Figure 3: Meta Data Integration Layer
The specific steps in this process depend on whether you are building a custom process or if you are using a meta data integration tool to assist your effort. If you decide to use a meta data integration tool, the specific tool selection can also greatly impact this process.
Meta Data Repository
A meta data repository is a fancy name for a database designed to gather, retain, and disseminate meta data. The meta data repository (Figure 4) is responsible for the cataloging and persistent physical storage of the meta data.
Figure 4: Meta Data Repository
The meta data repository should begeneric,integrated,currentandhistorical. Generic means that the physical meta model looks to store meta data by meta data subject area as opposed to application-specific. For example, a generic meta model will have an attribute named “DATABASE_PHYS_NAME” that will hold the physical database names within the company. A meta model that is application-specific would name this same attribute “ORACLE_PHYS_NAME”. The problem with application-specific meta models is that meta data subject areas change. To return to our example, today Oracle may be our company’s database standard. Tomorrow we may switch the standard to SQL Server for cost or compatibility advantages. This situation would cause needless additional changes to the change to the physical meta model.2
A meta data repository also provides an integrated view of the enterprise’s major meta data subject areas. The repository should allow the user to view all entities within the company, and not just entities loaded in Oracle or entities that are just in the customer relationship management (CRM) applications.
Third, the meta data repository contains current and future meta data, meaning that the meta data is periodically updated to reflect the current and future technical and business environment. Keep in mind that a meta data repository is constantly being updated and it needs to be, in order to be truly valuable.

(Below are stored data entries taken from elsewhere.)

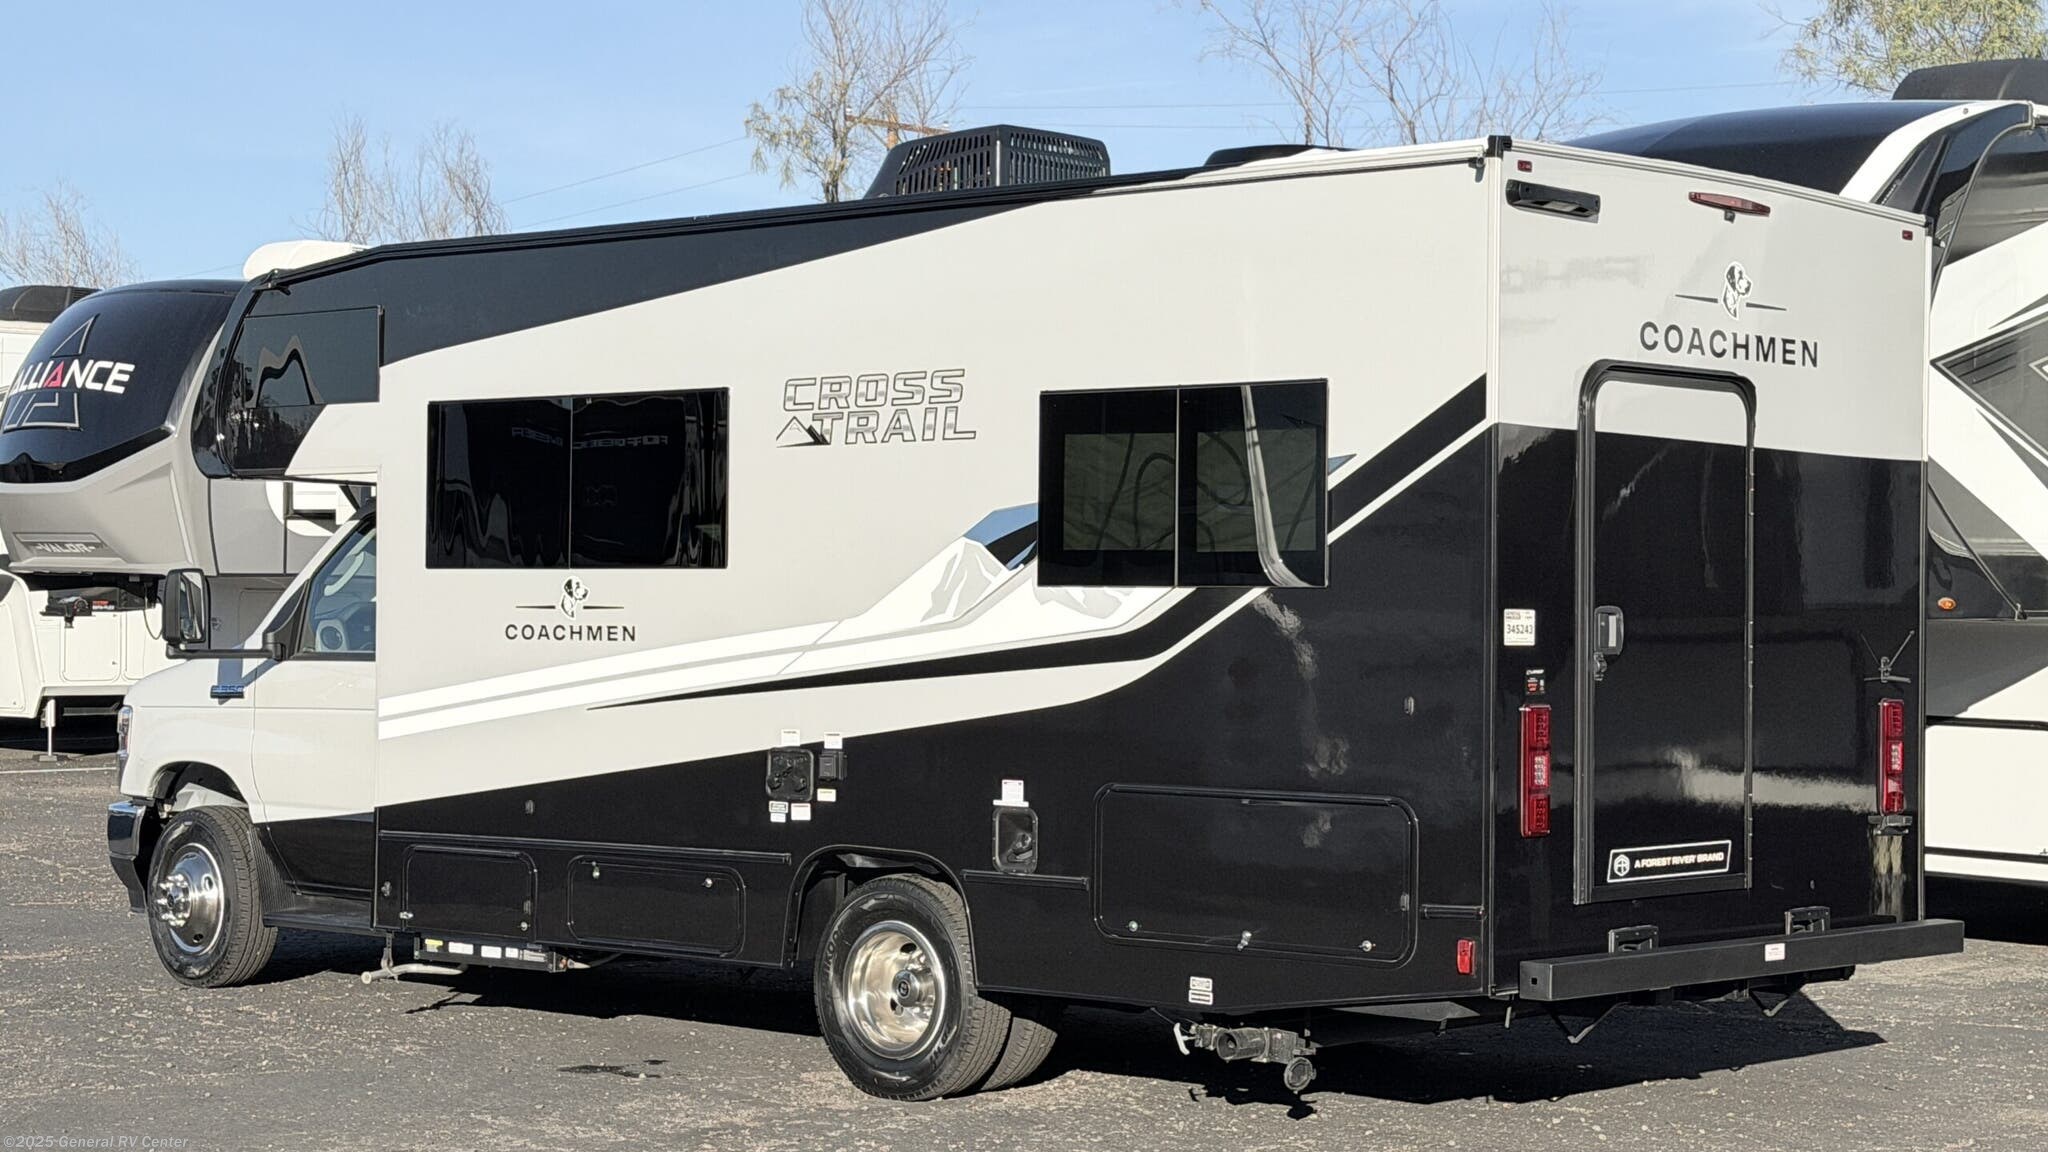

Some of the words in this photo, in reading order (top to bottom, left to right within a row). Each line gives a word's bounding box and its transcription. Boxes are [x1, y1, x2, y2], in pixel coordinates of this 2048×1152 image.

[1640, 321, 1818, 368] COACHMEN
[783, 368, 966, 412] CROSS
[811, 405, 977, 445] TRAIL
[504, 623, 636, 642] COACHMEN
[1506, 624, 1534, 635] 345243
[1633, 859, 1641, 869] A
[1641, 856, 1672, 868] FOREST
[1697, 852, 1725, 863] BRAND
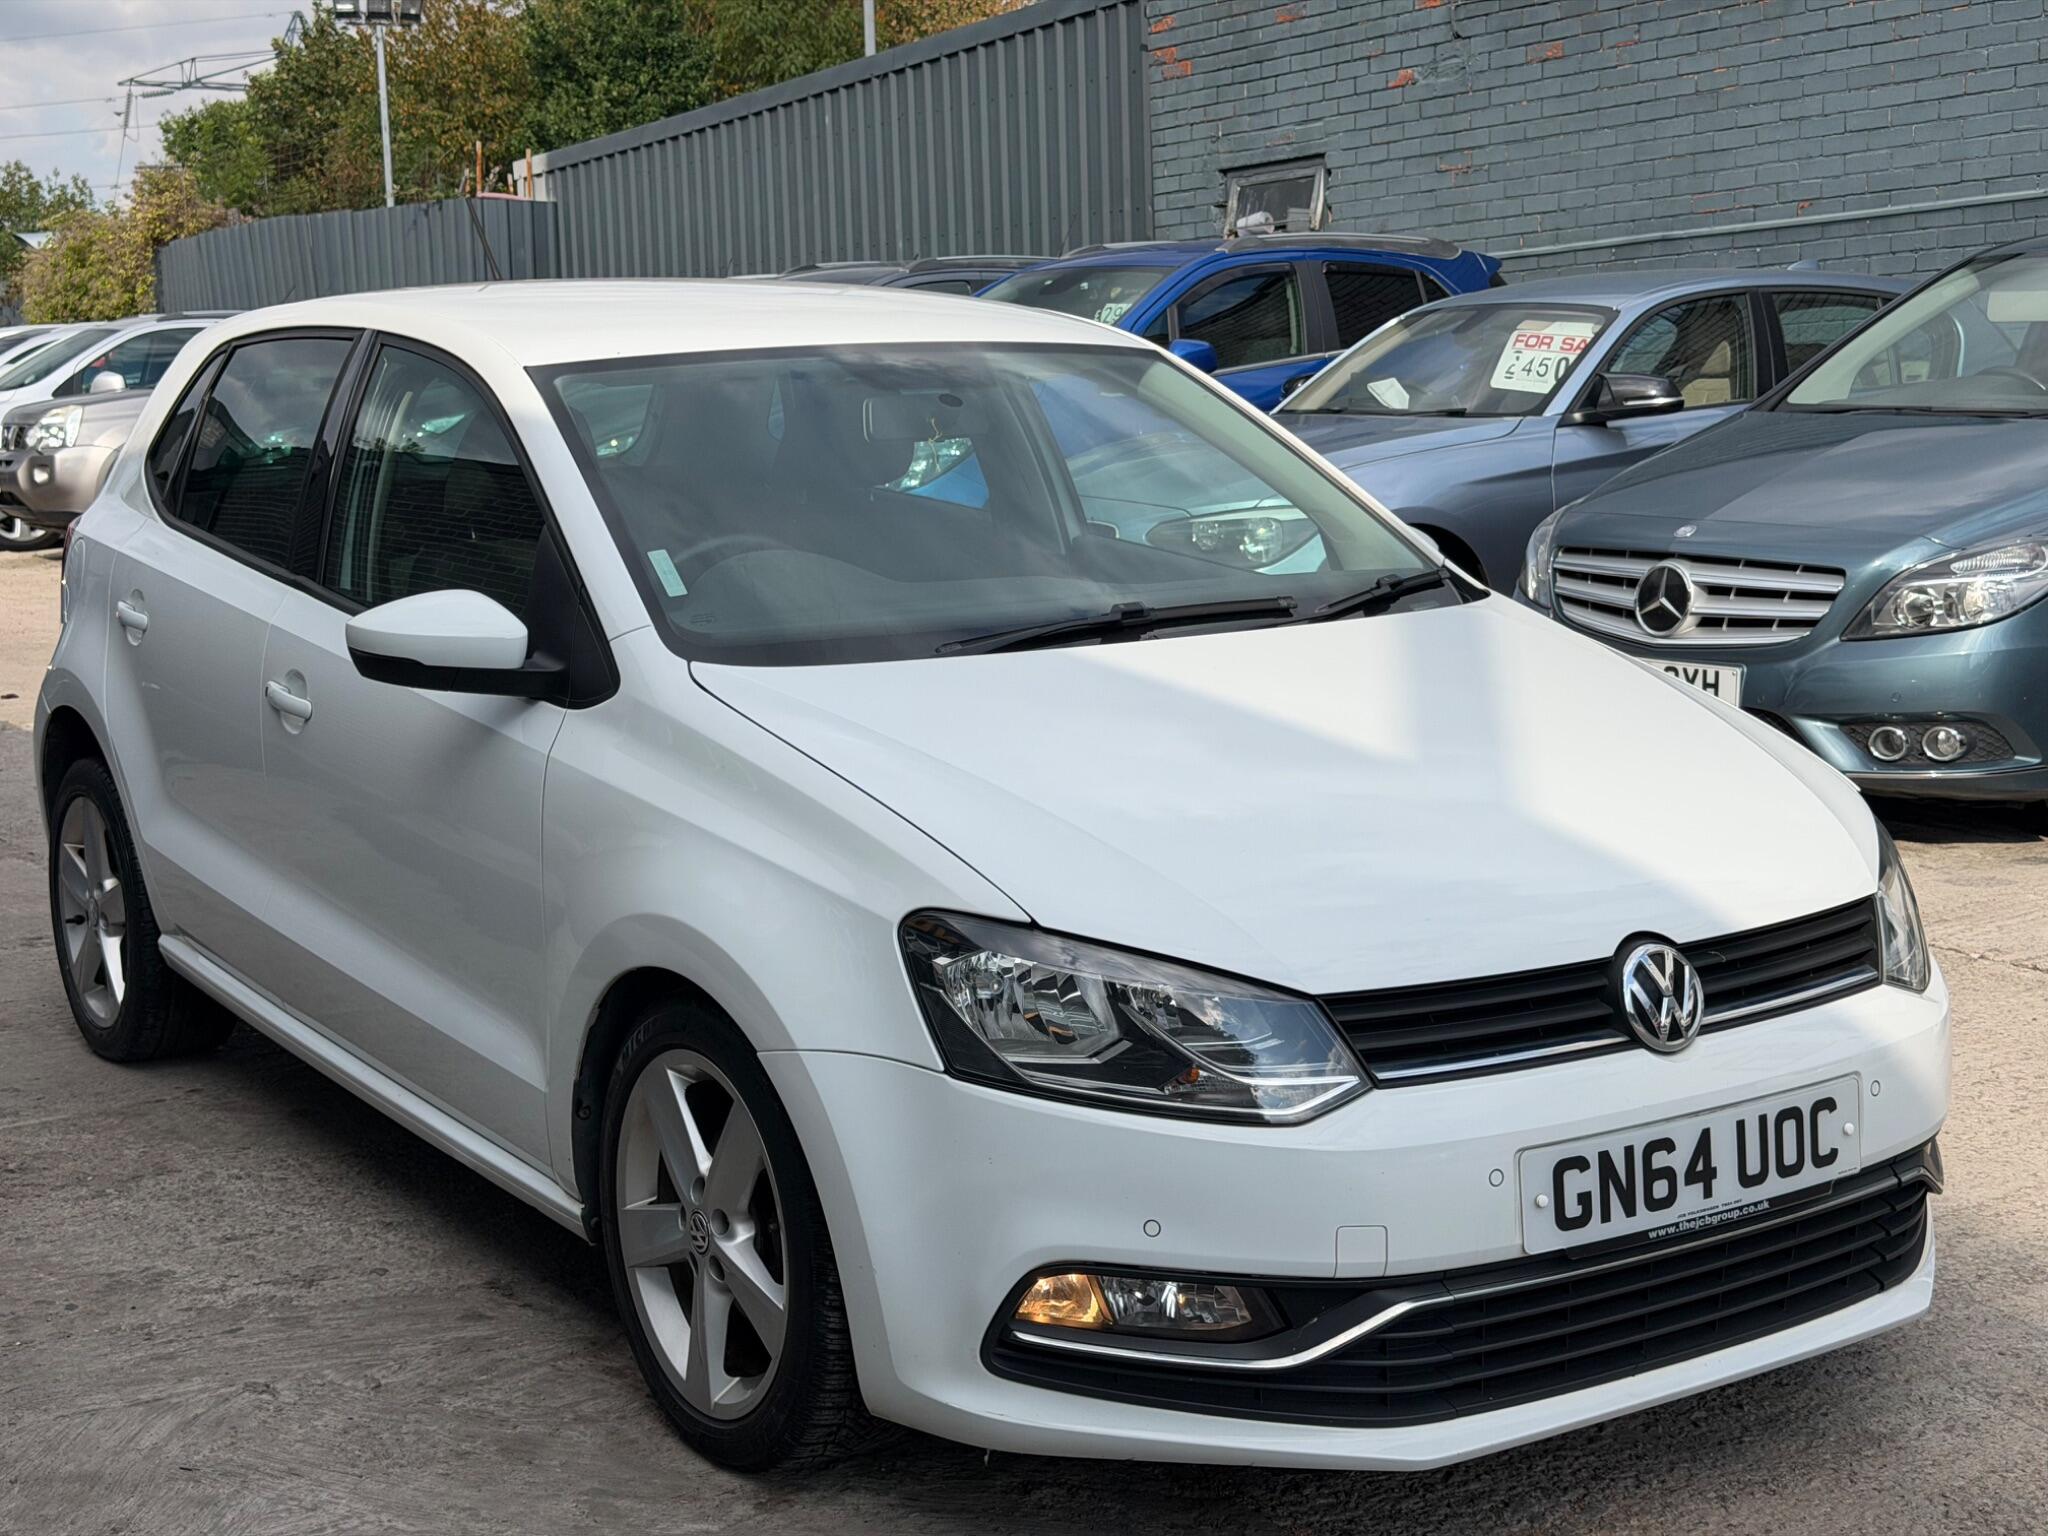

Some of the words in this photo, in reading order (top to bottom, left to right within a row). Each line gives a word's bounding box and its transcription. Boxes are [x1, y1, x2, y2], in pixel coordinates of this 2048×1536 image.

[1512, 333, 1554, 349] FOR
[1552, 1127, 1718, 1232] GN64
[1735, 1096, 1840, 1189] UOC
[1648, 1199, 1770, 1240] www.thejcbgroup.co.uk

Lastly, meta data repositories are historical. A good repository will hold historical views of the meta data, even as it changes over time. This allows a corporation to understand how their business has changed over time. This is especially critical if the MME is supporting an application that contains historical data, like a data warehouse or a CRM application. For example, if the business meta data definition for “customer” is “anyone who has purchased a product from our company within one of our stores or through our catalog”. A year later a new distribution channel is added to the strategy. The company constructs a Web site to allow customers to order our products. At that point in time, the business meta data definition for customer would be modified to “anyone who has purchased a product from our company within one of our stores, through our mail order catalog or through the web”. A good meta data repository stores both of these definitions because they both have validity, depending on what data you are analyzing (and the age of that data). Lastly, it is strongly recommended that you implement your meta data repository component on an open, relational database platform, as opposed, to a proprietary database engine.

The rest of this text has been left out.